__Work instruction__:
Could you restate the entries below word for word and leave the images out?

Images for object localization:
####

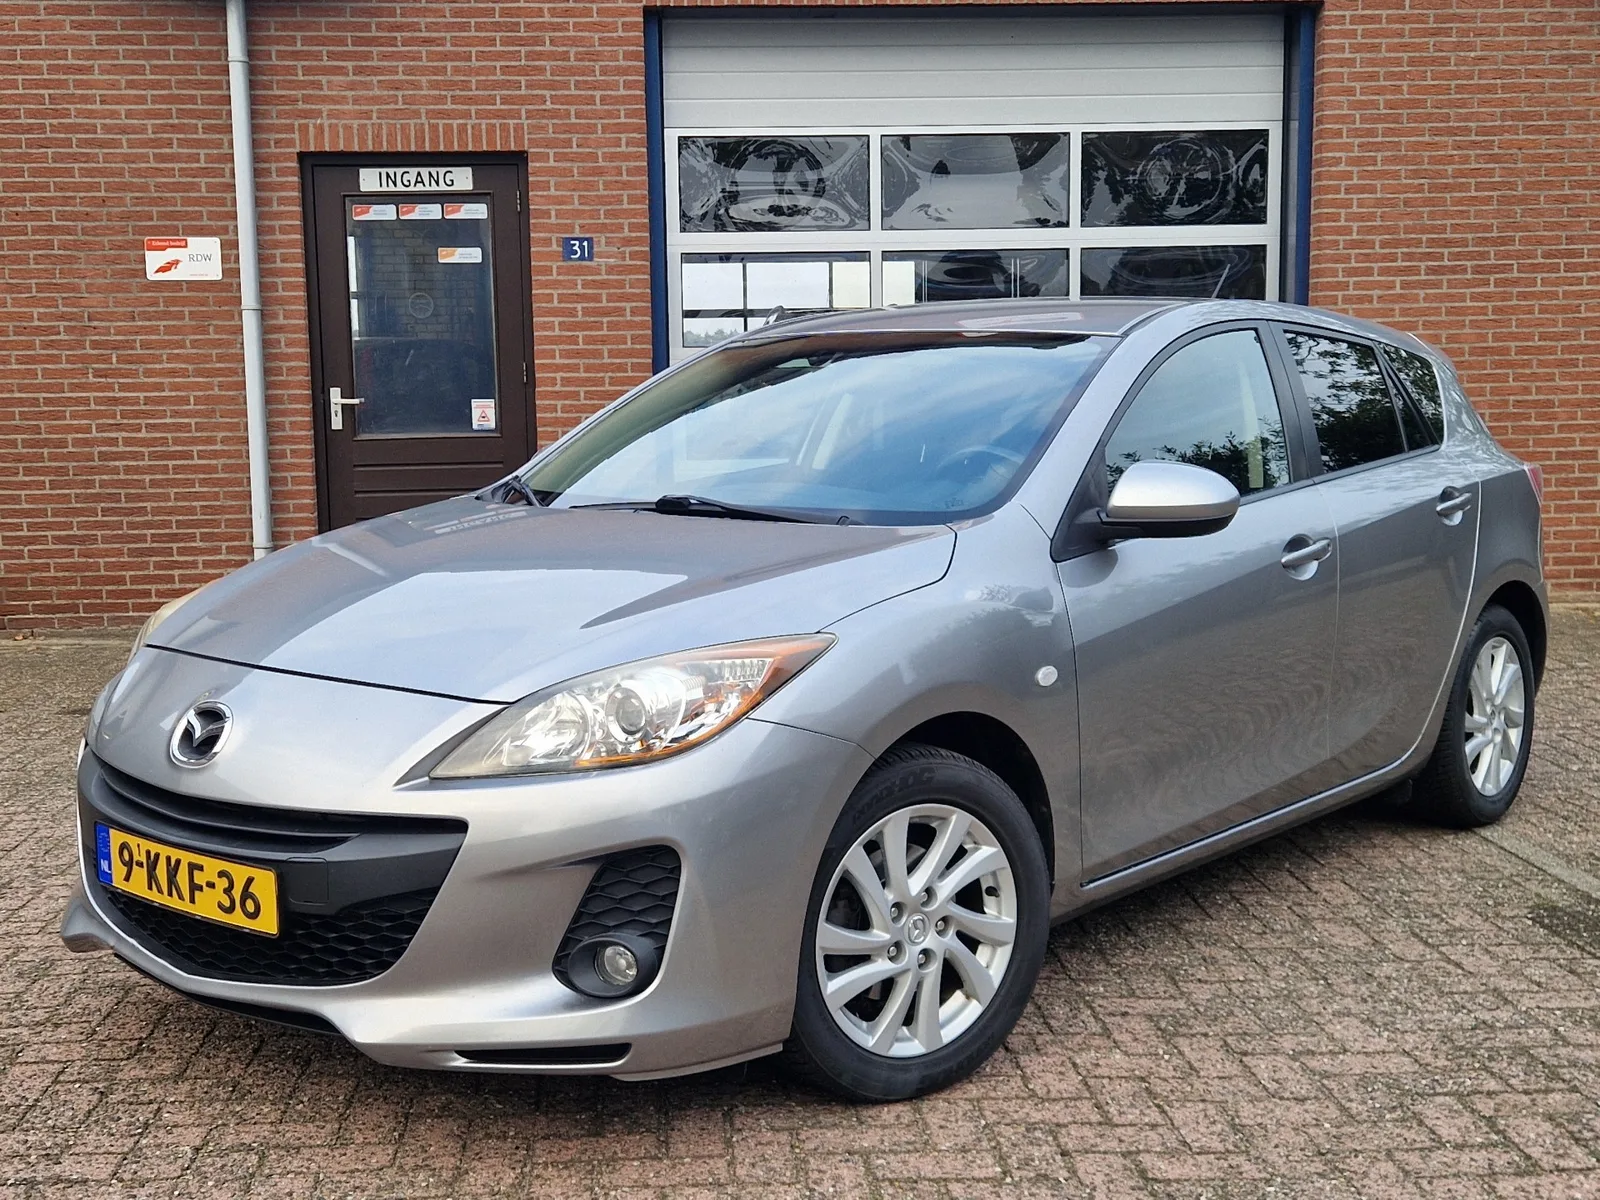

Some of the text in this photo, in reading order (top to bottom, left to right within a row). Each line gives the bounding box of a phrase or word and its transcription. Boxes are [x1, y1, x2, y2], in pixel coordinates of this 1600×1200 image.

[378, 170, 455, 188] INGANG
[188, 253, 212, 262] RDW
[570, 240, 588, 259] 31
[100, 858, 112, 874] NL
[118, 841, 262, 920] 9-KKF-36
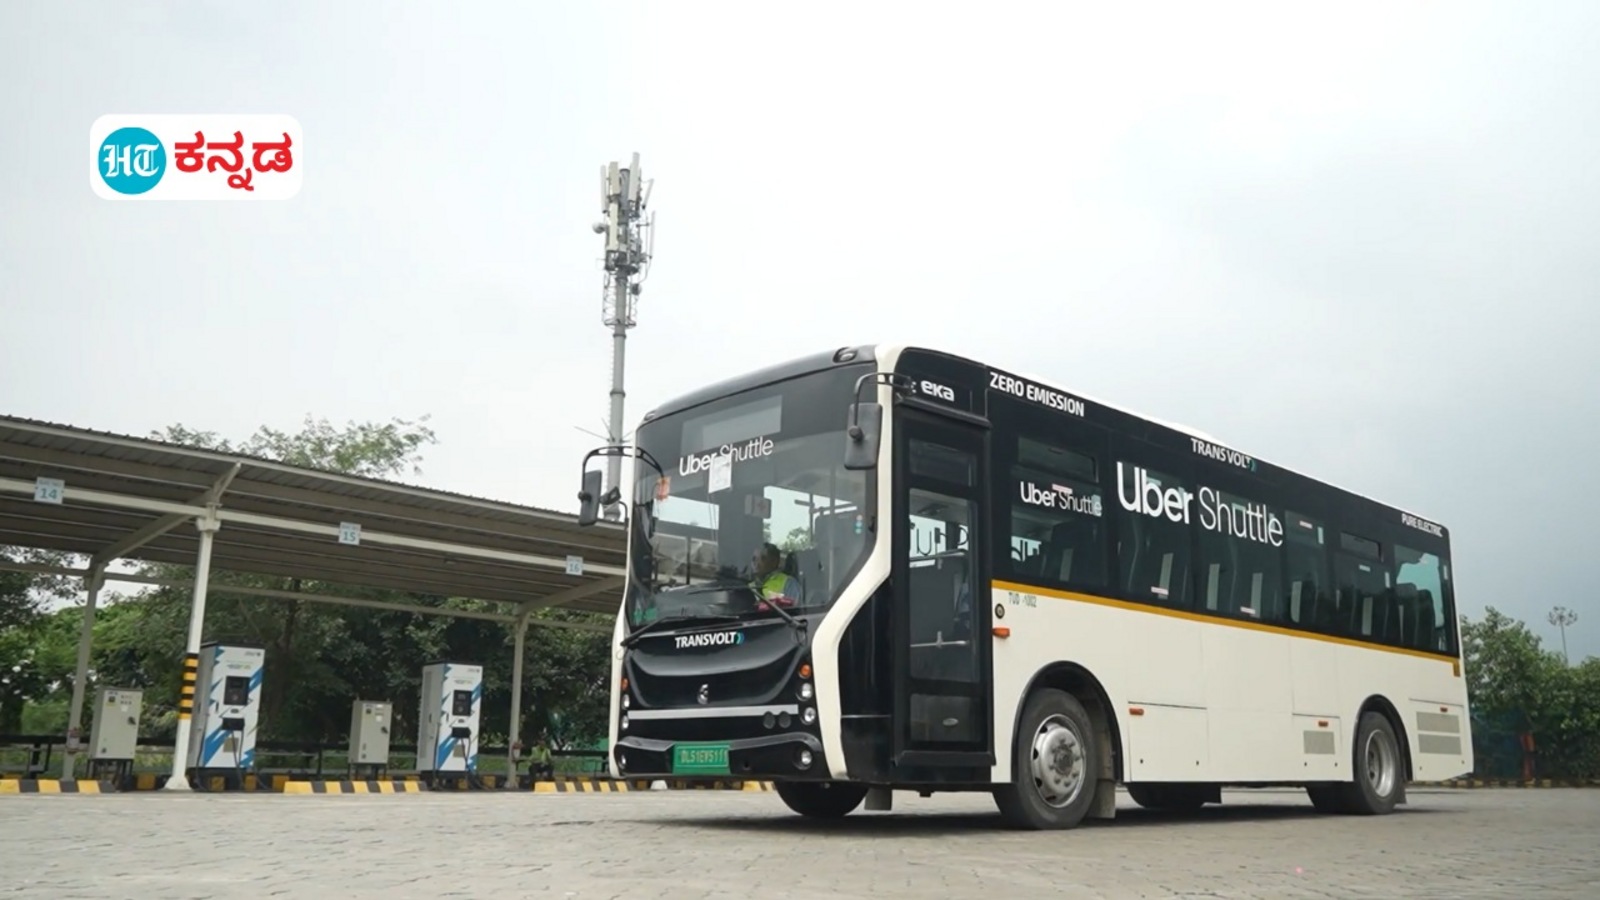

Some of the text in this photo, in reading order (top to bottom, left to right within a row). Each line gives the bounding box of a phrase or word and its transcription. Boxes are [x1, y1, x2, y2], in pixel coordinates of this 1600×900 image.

[990, 371, 1085, 418] ZERO EMISSION
[679, 435, 774, 476] Uber Shuttle
[1190, 437, 1252, 469] TRANSVOLT
[40, 488, 58, 499] 14
[1020, 481, 1102, 517] Uber Shuttle
[1116, 461, 1283, 547] Uber Shuttle
[343, 530, 356, 542] 15
[1401, 512, 1443, 538] PURE ELECTRIC
[569, 562, 580, 573] 16
[674, 630, 737, 649] TRANSVOLT
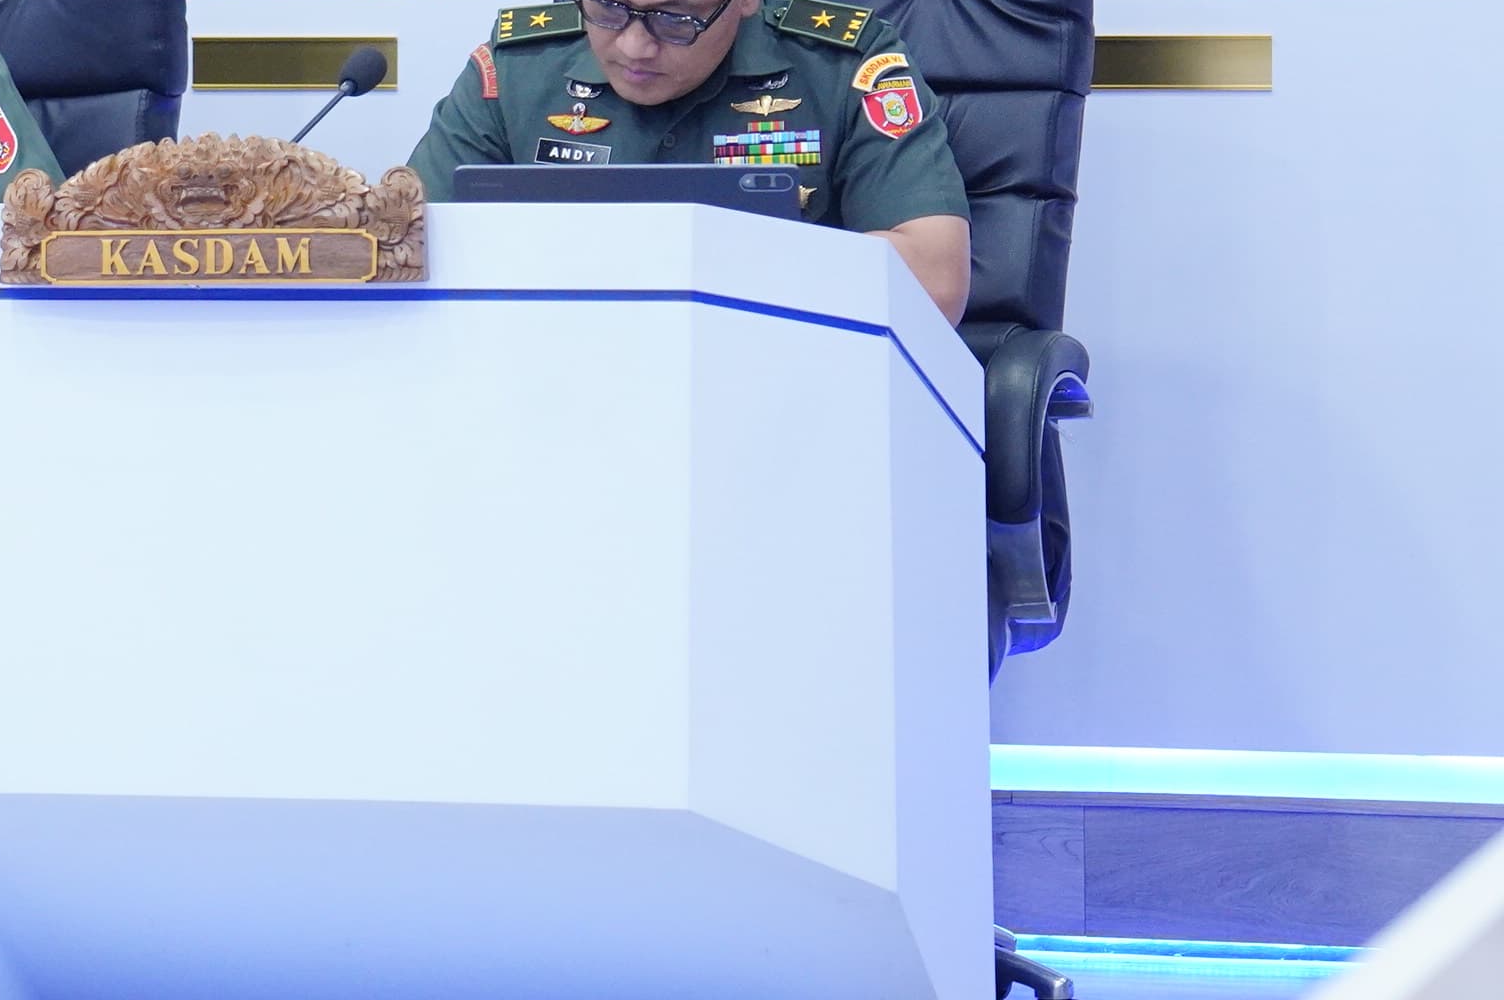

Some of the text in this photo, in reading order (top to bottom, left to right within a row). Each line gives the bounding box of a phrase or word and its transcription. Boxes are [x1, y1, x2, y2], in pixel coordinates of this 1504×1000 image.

[500, 10, 513, 38] TNI
[843, 11, 867, 41] TNI
[549, 146, 595, 162] ANDY
[100, 236, 314, 276] KASDAM

####

__Output below__:
Some of the text in this photo, in reading order (top to bottom, left to right within a row). Each line gives the bounding box of a phrase or word and its transcription. Boxes are [x1, y1, x2, y2], in pixel coordinates of this 1600×1200 image.

[378, 170, 455, 188] INGANG
[188, 253, 212, 262] RDW
[570, 240, 588, 259] 31
[100, 858, 112, 874] NL
[118, 841, 262, 920] 9-KKF-36

Some of the text in this photo, in reading order (top to bottom, left to right within a row). Each line gives the bounding box of a phrase or word and its transcription. Boxes are [x1, y1, x2, y2], in pixel coordinates of this 1600×900 image.

[990, 371, 1085, 418] ZERO EMISSION
[679, 435, 774, 476] Uber Shuttle
[1190, 437, 1252, 469] TRANSVOLT
[40, 488, 58, 499] 14
[1020, 481, 1102, 517] Uber Shuttle
[1116, 461, 1283, 547] Uber Shuttle
[343, 530, 356, 542] 15
[1401, 512, 1443, 538] PURE ELECTRIC
[569, 562, 580, 573] 16
[674, 630, 737, 649] TRANSVOLT

Some of the text in this photo, in reading order (top to bottom, left to right within a row). Each line gives the bounding box of a phrase or word and its transcription. Boxes are [x1, y1, x2, y2], in pixel coordinates of this 1504×1000 image.

[500, 10, 513, 38] TNI
[843, 11, 867, 41] TNI
[549, 146, 595, 162] ANDY
[100, 236, 314, 276] KASDAM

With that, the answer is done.